When it comes to income inequality in America, not all states are created equal.
In some states, the top 1 percent of income earners have captured all of the income gains since the Great Recession officially ended in June 2009, while everyone else saw either no gains or declining income during that time, according to a new analysis of tax data by the Economic Policy Institute, a left-leaning think tank.
For families in middle- and lower-income brackets, the post-recession years have been particularly tough in a number of states, although the report notes that the almost every state has been affected by widening income inequality in the U.S. Yet in 16 states, every dollar of income growth between 2009 to 2012 accrued to the top 1 percent, including some of the country's most populous states, such as California and Florida.
The findings come amid heightened public attention on the growing gaps between haves and the have-nots, with President Obama last week making the economic challenges facing the middle class the main theme of his annual State of the Union address.

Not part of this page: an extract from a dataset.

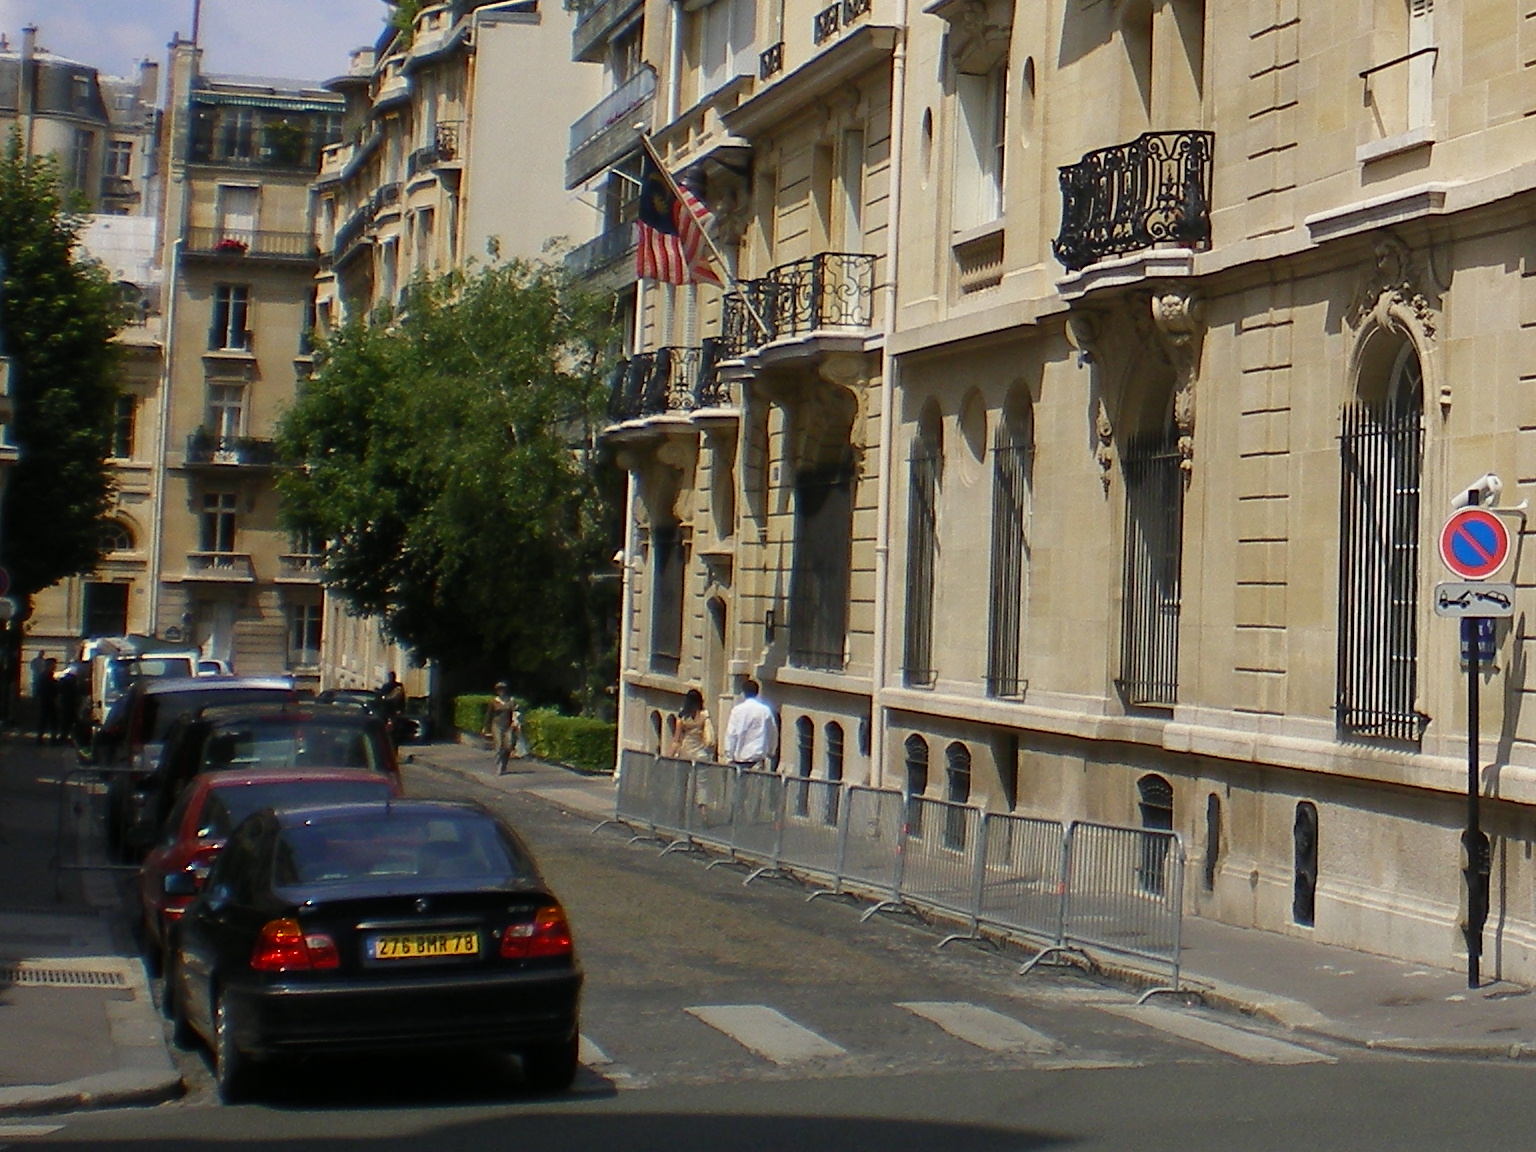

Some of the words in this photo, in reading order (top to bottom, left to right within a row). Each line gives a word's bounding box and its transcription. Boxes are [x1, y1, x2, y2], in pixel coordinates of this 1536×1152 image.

[380, 937, 410, 955] 276
[417, 935, 447, 953] BMR
[453, 933, 473, 951] 78
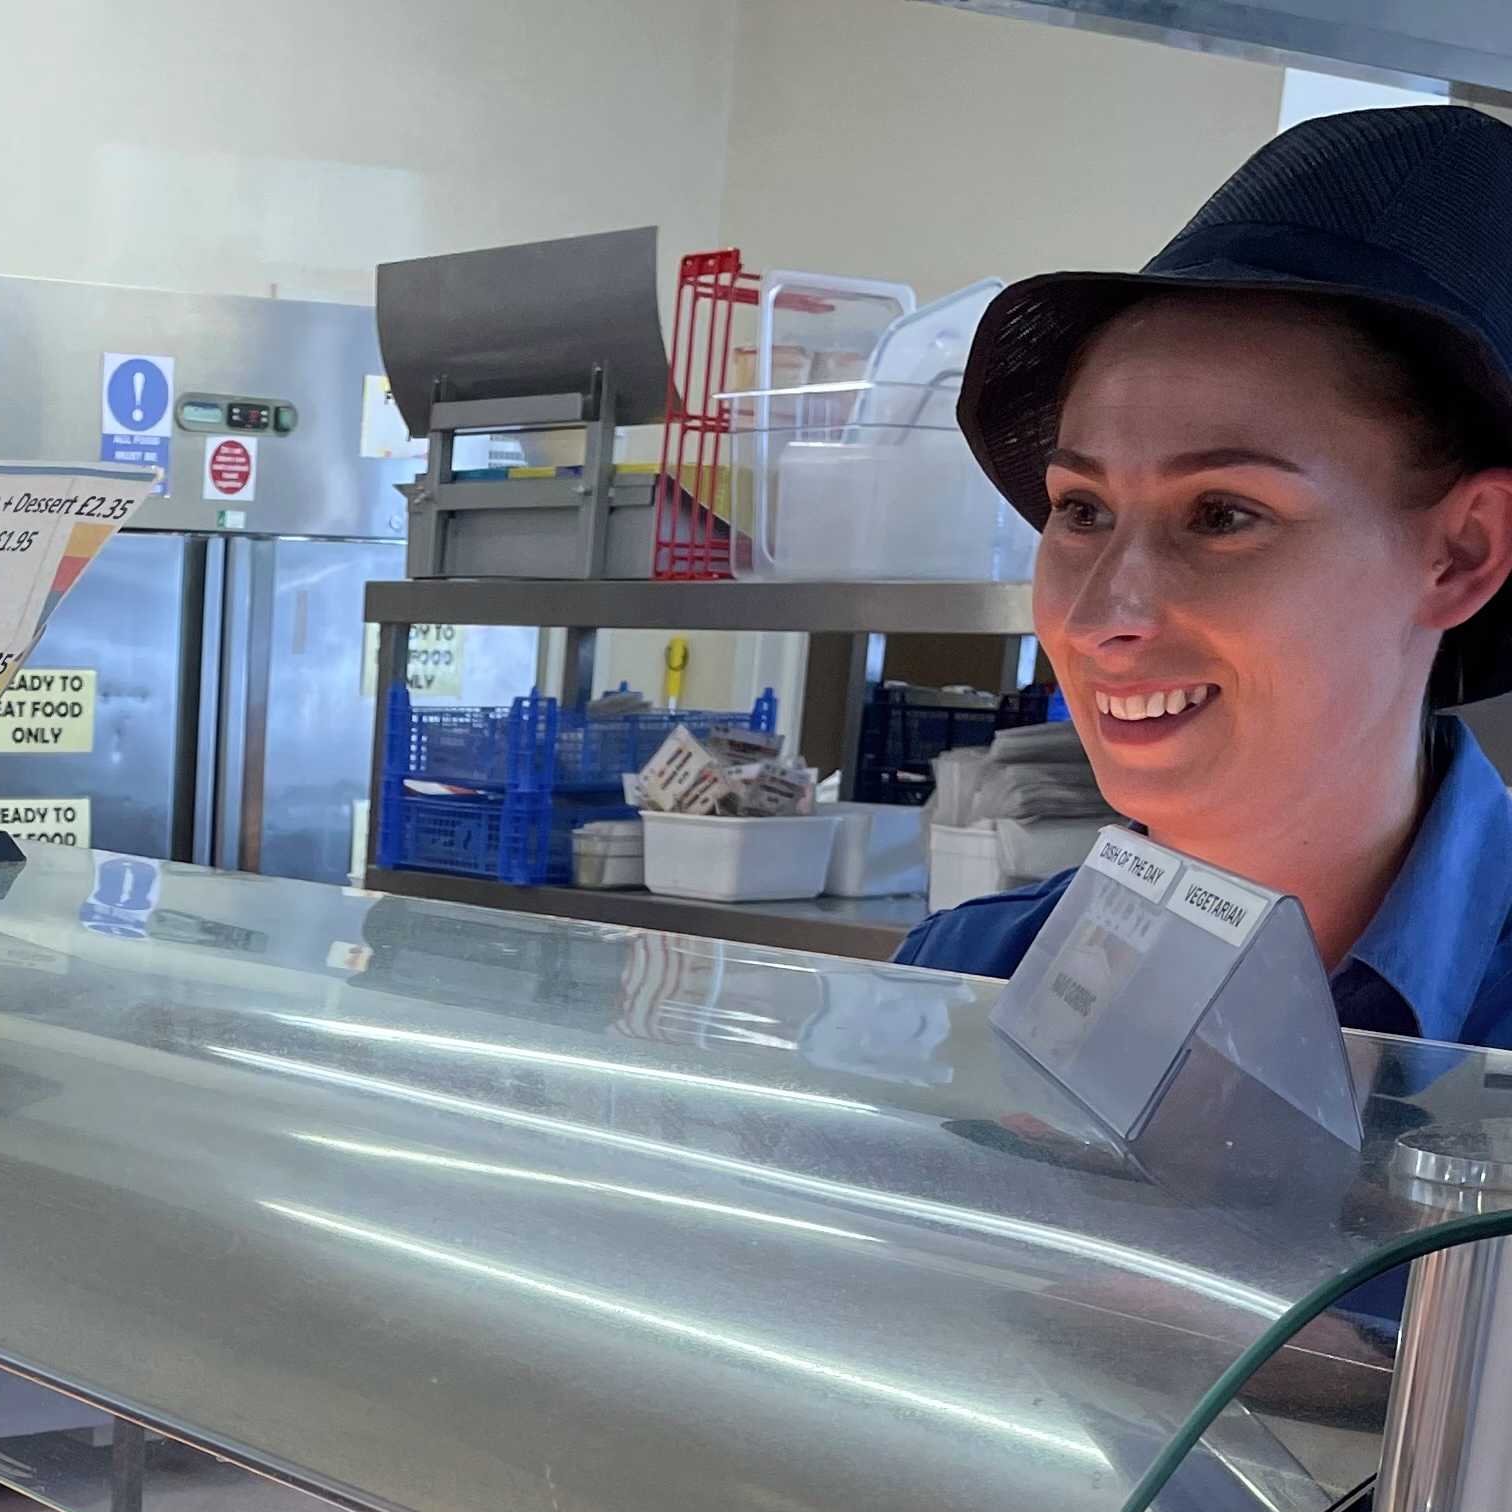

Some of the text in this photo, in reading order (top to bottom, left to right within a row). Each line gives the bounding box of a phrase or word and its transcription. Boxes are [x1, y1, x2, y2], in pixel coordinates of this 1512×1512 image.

"The rise in inequality experienced in the United States in the past three-and-a-half decades is not just a story of those in the financial sector in the greater New York City metropolitan area reaping outsized rewards from speculation in financial markets," EPI noted in the report.
Digging into income data by state provides a fresh look at how income inequality is hitting individual regions of the country, especially since state-wide data might suggest that incomes rose for all residents since 2009. But a closer look at the data shows that the huge gains reaped by the 1 percent in some states overshadowed income losses to the 99 percent during that period.
Take California, the country's most populous state. From 2009 through 2012, overall income for its roughly 39 million residents rose 6.8 percent, the study found. That figure is deceiving, however, given that all of the gains over that period went to California's wealthiest, with the top 1 percent witnessing a 49.6 percent jump in income. All other earners in the state saw their incomes fall 3 percent.
The 16 states where the top 1 percent gained all of the overall increase in income are California, Colorado, Connecticut, Delaware, Florida, Idaho, Louisiana, Massachusetts, Missouri, New York, North Carolina, Pennsylvania, Rhode Island, South Carolina, Washington and Virginia.
While those states saw all income gains shift to the 1 percent, another 22 states witnessed half or more of income growth going to the top earners during the same period. Among those states are Texas, Illinois, New Jersey, Ohio, Arizona and Michigan.
Such disparities "undermine the economic system's ability to enable economic mobility," said Mark Price, labor economist at the Keystone Research Center and a co-author of the paper with socio-economist Estelle Sommeiller, on a conference call to discuss the research. "Will someone go to college because of the income of their parents rather than their natural abilities? You worry about people's desire to anticipate in the economy when the economy doesn't appear to be providing returns for them or their kids."
Only nine states witnessed income growth for both the top 1 percent and the 99 percent, according to EPI. Those states are Indiana, Mississippi, Montana, North Dakota, Vermont, New Mexico, Kentucky, Alaska and Hawaii.
The reason some of those states may have provided income growth to the 99 percent could boil down to issues such as smaller labor forces. In North Dakota, for instance, its small population has been lifted by economic growth from the oil extraction industry, Price said. States with a more progressive tax system, such as Vermont, might also be helping to buck the trend.
West Virginia was an outlier, with incomes of the top 1 percent declining while the average income of the 99 percent increased, the only state to witness that trend.
The widening income gap is increasingly gaining the attention of policy makers and economists, who are warning that growing inequality is threatening to undermine global economic growth. Oxfam earlier this month warned that the richest 1 percent will own more than half the world's wealth by 2016, while ratings agency Standard & Poor's last year cautioned that America's income gap could dampen long-term economic growth.
The growing gap between the wealthiest Americans and everybody isn't only a recent phenomenon, given that it's been evident since the late 1970s. That's reversed a trend toward broader income distribution that began in the 1930s and 1940s, before hitting a road bump in the late 1970s. Now, the report noted, America's income gap is harkening back to the days of "The Great Gatsby," when a rising tide only lifted the boats of a few.
"The unequal income growth since the late 1970s has brought the top 1 percent income share in the United States to near its 1928 peak," EPI said.
Every U.S. state had large gaps between the average income of the top 1 percent and the 99 percent, with Connecticut and New York showing the largest disparities in the ratio between the incomes of the two groups.
The average income for an American household in the top 1 percent is $1.3 million, while the average income for the 99 percent is $43,713, according to the EPI report, which based its analysis on data from the Internal Revenue Service and research from economists Thomas Piketty and Emmanuel Saez. The threshold for the top 1 percent is higher than figures from the government's Current Population Survey and the American Community Survey, which the study said isn't suited to a state-by-state analysis of income.
Across America, the top 1 percent earned about 29 times what the bottom 99 percent made in 2012, but in Connecticut and New York the ratio stood at 51 and 48.4, respectively. The state with the smallest ratio was Hawaii, where the top 1 percent make 14.6 times the 99 percent.
EPI noted, "The '1 percent economy' is evident in every state."